** Opening INPUT MATERIAL block **

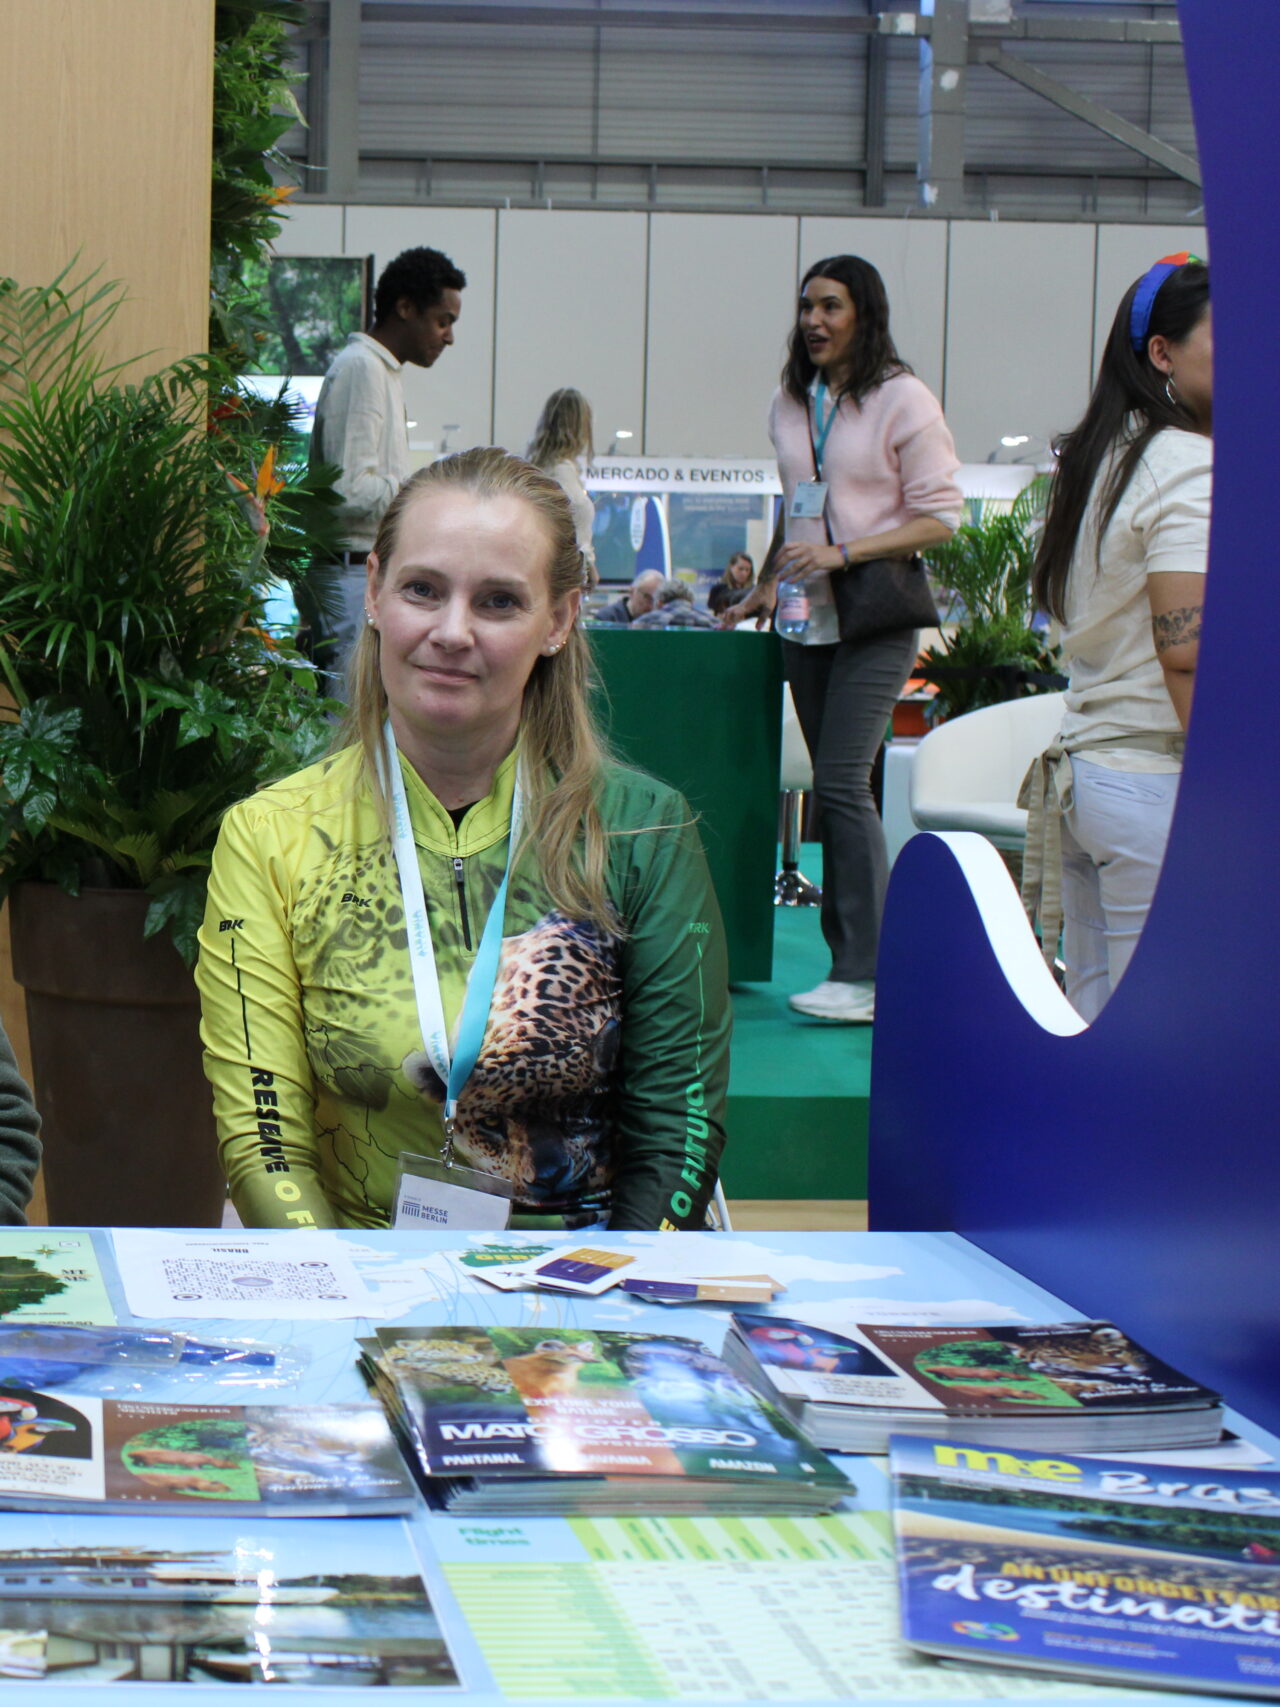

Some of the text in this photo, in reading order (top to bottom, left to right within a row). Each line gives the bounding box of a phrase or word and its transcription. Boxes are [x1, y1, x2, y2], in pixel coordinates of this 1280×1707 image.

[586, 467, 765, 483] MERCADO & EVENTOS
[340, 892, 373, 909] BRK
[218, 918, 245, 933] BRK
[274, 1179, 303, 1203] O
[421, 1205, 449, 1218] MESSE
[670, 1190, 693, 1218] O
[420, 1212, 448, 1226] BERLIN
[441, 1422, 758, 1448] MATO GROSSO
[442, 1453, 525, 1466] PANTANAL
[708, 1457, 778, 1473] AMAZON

** Closing INPUT MATERIAL block **

**EXERCISE AIM:**
Set down the material above exactly as it reads, but not its pictures.

**RESULT OF THE TASK:**
Some of the text in this photo, in reading order (top to bottom, left to right within a row). Each line gives the bounding box of a phrase or word and its transcription. Boxes are [x1, y1, x2, y2], in pixel coordinates of this 1280×1707 image.

[586, 467, 765, 483] MERCADO & EVENTOS
[340, 892, 373, 909] BRK
[218, 918, 245, 933] BRK
[274, 1179, 303, 1203] O
[421, 1205, 449, 1218] MESSE
[670, 1190, 693, 1218] O
[420, 1212, 448, 1226] BERLIN
[441, 1422, 758, 1448] MATO GROSSO
[442, 1453, 525, 1466] PANTANAL
[708, 1457, 778, 1473] AMAZON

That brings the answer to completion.